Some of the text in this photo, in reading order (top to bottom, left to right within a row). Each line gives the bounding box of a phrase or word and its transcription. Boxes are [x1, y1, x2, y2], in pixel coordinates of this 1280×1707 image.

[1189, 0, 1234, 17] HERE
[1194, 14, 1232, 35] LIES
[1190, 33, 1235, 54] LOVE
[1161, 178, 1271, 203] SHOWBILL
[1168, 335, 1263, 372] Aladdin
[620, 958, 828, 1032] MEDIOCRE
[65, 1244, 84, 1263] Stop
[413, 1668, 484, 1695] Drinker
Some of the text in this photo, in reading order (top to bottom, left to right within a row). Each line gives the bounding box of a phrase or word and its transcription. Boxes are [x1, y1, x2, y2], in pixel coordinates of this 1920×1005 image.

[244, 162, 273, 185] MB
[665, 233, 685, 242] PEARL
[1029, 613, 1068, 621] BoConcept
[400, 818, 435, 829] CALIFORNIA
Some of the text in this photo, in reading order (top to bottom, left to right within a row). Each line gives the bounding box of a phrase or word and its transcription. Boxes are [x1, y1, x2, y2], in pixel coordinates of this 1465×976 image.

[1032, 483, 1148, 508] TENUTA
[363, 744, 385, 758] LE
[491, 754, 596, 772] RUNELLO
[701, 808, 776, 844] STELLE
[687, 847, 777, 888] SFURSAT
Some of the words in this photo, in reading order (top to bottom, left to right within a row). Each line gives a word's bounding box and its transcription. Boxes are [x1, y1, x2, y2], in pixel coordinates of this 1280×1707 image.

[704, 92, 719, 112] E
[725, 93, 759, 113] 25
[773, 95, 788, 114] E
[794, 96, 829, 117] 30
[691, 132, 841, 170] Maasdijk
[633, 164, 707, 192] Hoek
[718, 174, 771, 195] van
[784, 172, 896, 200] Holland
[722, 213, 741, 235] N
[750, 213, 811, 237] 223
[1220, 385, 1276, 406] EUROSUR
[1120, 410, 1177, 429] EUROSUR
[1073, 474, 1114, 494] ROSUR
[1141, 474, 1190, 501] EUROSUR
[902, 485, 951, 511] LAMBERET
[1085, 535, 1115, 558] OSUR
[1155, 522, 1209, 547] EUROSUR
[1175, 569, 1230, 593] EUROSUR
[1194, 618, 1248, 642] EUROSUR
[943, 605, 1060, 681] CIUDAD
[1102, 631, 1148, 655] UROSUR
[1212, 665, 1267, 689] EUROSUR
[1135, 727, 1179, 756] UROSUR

++++

▶ [EXERCISE DETAILS] Output only the lines that run from the one containing "this 1920×1005 image." through the last line of the material above, both included.

▶ [RESULT BELOW]
Some of the text in this photo, in reading order (top to bottom, left to right within a row). Each line gives the bounding box of a phrase or word and its transcription. Boxes are [x1, y1, x2, y2], in pixel coordinates of this 1920×1005 image.

[244, 162, 273, 185] MB
[665, 233, 685, 242] PEARL
[1029, 613, 1068, 621] BoConcept
[400, 818, 435, 829] CALIFORNIA
Some of the text in this photo, in reading order (top to bottom, left to right within a row). Each line gives the bounding box of a phrase or word and its transcription. Boxes are [x1, y1, x2, y2], in pixel coordinates of this 1465×976 image.

[1032, 483, 1148, 508] TENUTA
[363, 744, 385, 758] LE
[491, 754, 596, 772] RUNELLO
[701, 808, 776, 844] STELLE
[687, 847, 777, 888] SFURSAT
Some of the words in this photo, in reading order (top to bottom, left to right within a row). Each line gives a word's bounding box and its transcription. Boxes are [x1, y1, x2, y2], in pixel coordinates of this 1280×1707 image.

[704, 92, 719, 112] E
[725, 93, 759, 113] 25
[773, 95, 788, 114] E
[794, 96, 829, 117] 30
[691, 132, 841, 170] Maasdijk
[633, 164, 707, 192] Hoek
[718, 174, 771, 195] van
[784, 172, 896, 200] Holland
[722, 213, 741, 235] N
[750, 213, 811, 237] 223
[1220, 385, 1276, 406] EUROSUR
[1120, 410, 1177, 429] EUROSUR
[1073, 474, 1114, 494] ROSUR
[1141, 474, 1190, 501] EUROSUR
[902, 485, 951, 511] LAMBERET
[1085, 535, 1115, 558] OSUR
[1155, 522, 1209, 547] EUROSUR
[1175, 569, 1230, 593] EUROSUR
[1194, 618, 1248, 642] EUROSUR
[943, 605, 1060, 681] CIUDAD
[1102, 631, 1148, 655] UROSUR
[1212, 665, 1267, 689] EUROSUR
[1135, 727, 1179, 756] UROSUR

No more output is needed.